Author: vivo internet server team - Hao Guangshi
1. Background
Field lineage is to retain the field processing process during table processing. Why do you need a field bloodline?
With the blood relationship between fields, you can know where the data comes from, and the conversion relationship between fields, which is of great help to the quality and governance of the data.
Compared with Hive, Spark SQL is usually more efficient, and it will have greater benefits in terms of running time and resource usage.
The platform plans to migrate Hive tasks to Spark SQL, and also needs to implement the function of field blood relationship.
2. Preliminary research
Before development, we did a lot of related research and learned that Spark supports expansion: allowing users to expand Spark SQL's SQL parsing, logical plan analysis and inspection, logical plan optimization, and physical plan formation.
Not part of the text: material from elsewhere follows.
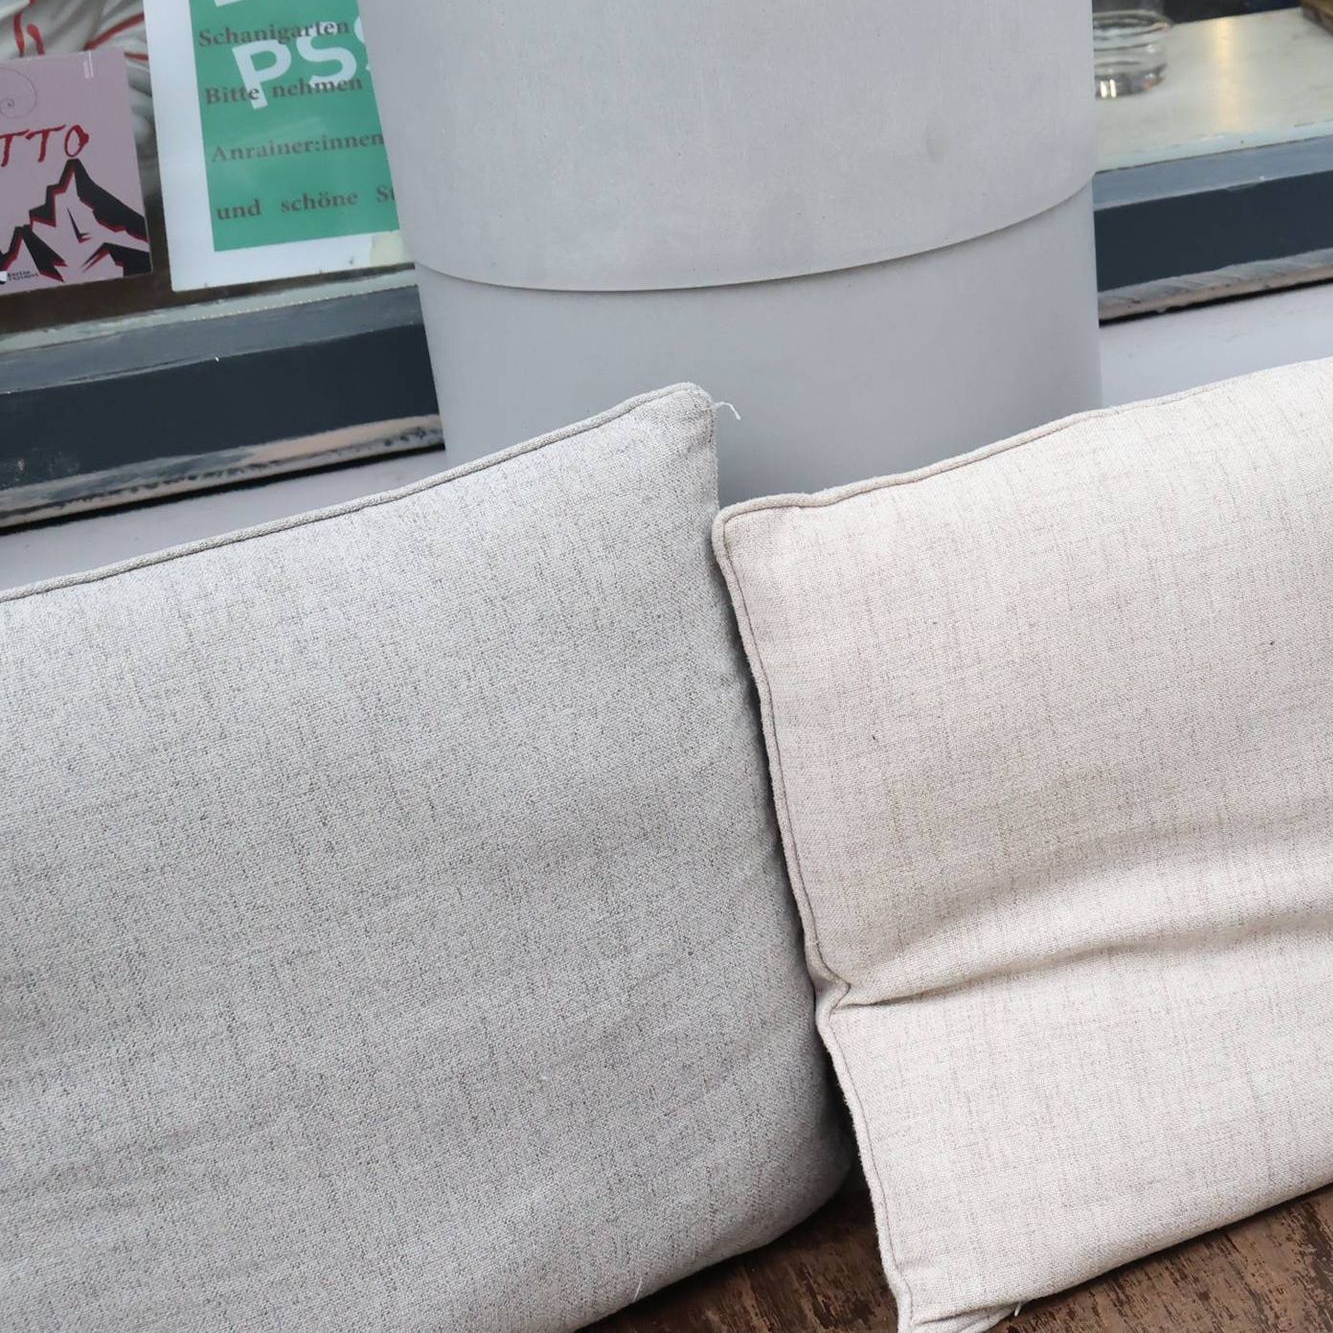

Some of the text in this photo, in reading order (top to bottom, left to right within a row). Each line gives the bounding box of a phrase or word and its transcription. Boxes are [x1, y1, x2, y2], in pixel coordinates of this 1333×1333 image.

This scheme is feasible, and the source code of Spark has not been changed, and the cost is relatively small. It is determined to use this scheme.
3. Spark SQL extension
3.1 What Spark can scale
SparkSessionExtensions is an important class, which defines methods for injecting rules, and now supports the following:
- 【Analyzer Rules】Logical plan analysis rules
- 【Check Analysis Rules】Logical plan check rules
- 【Optimizer Rules.】 Logical plan optimization rules
- 【Planning Strategies】Strategies for Forming Physical Plans
- 【Customized Parser】Customized sql parser
- 【(External) Catalog listeners catalog】Listener
In the above six user-defined places, we chose [Check Analysis Rules]. Because the check rule does not need to have a return value when the method is called, it means that the currently traversed logical plan tree does not need to be modified, which is exactly what we need.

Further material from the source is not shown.